* **HOW TO COMPLETE THIS TASK**
Give the records again in full, exactly as they are.

* **SOURCE DATA**
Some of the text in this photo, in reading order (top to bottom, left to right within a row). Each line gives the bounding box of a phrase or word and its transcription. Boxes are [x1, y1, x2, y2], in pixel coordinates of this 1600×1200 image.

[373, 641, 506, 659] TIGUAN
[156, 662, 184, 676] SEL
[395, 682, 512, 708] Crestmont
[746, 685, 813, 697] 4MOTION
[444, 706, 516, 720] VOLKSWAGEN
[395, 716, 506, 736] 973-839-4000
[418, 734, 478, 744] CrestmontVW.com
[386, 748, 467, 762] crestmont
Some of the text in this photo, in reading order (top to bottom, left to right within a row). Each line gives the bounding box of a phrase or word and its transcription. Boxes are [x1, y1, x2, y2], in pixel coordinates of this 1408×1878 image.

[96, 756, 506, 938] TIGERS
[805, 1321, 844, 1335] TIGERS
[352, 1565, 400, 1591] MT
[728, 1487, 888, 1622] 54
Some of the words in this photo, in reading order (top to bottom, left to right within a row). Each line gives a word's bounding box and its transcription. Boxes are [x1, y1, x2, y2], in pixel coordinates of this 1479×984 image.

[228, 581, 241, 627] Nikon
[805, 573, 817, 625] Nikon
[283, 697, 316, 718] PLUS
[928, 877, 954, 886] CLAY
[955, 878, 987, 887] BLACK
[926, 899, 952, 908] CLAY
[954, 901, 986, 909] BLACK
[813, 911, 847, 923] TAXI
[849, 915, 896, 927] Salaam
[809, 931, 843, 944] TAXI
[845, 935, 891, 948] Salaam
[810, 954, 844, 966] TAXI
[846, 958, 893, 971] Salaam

* **RESULT OF THIS EXERCISE**
Some of the text in this photo, in reading order (top to bottom, left to right within a row). Each line gives the bounding box of a phrase or word and its transcription. Boxes are [x1, y1, x2, y2], in pixel coordinates of this 1600×1200 image.

[373, 641, 506, 659] TIGUAN
[156, 662, 184, 676] SEL
[395, 682, 512, 708] Crestmont
[746, 685, 813, 697] 4MOTION
[444, 706, 516, 720] VOLKSWAGEN
[395, 716, 506, 736] 973-839-4000
[418, 734, 478, 744] CrestmontVW.com
[386, 748, 467, 762] crestmont
Some of the text in this photo, in reading order (top to bottom, left to right within a row). Each line gives the bounding box of a phrase or word and its transcription. Boxes are [x1, y1, x2, y2], in pixel coordinates of this 1408×1878 image.

[96, 756, 506, 938] TIGERS
[805, 1321, 844, 1335] TIGERS
[352, 1565, 400, 1591] MT
[728, 1487, 888, 1622] 54
Some of the words in this photo, in reading order (top to bottom, left to right within a row). Each line gives a word's bounding box and its transcription. Boxes are [x1, y1, x2, y2], in pixel coordinates of this 1479×984 image.

[228, 581, 241, 627] Nikon
[805, 573, 817, 625] Nikon
[283, 697, 316, 718] PLUS
[928, 877, 954, 886] CLAY
[955, 878, 987, 887] BLACK
[926, 899, 952, 908] CLAY
[954, 901, 986, 909] BLACK
[813, 911, 847, 923] TAXI
[849, 915, 896, 927] Salaam
[809, 931, 843, 944] TAXI
[845, 935, 891, 948] Salaam
[810, 954, 844, 966] TAXI
[846, 958, 893, 971] Salaam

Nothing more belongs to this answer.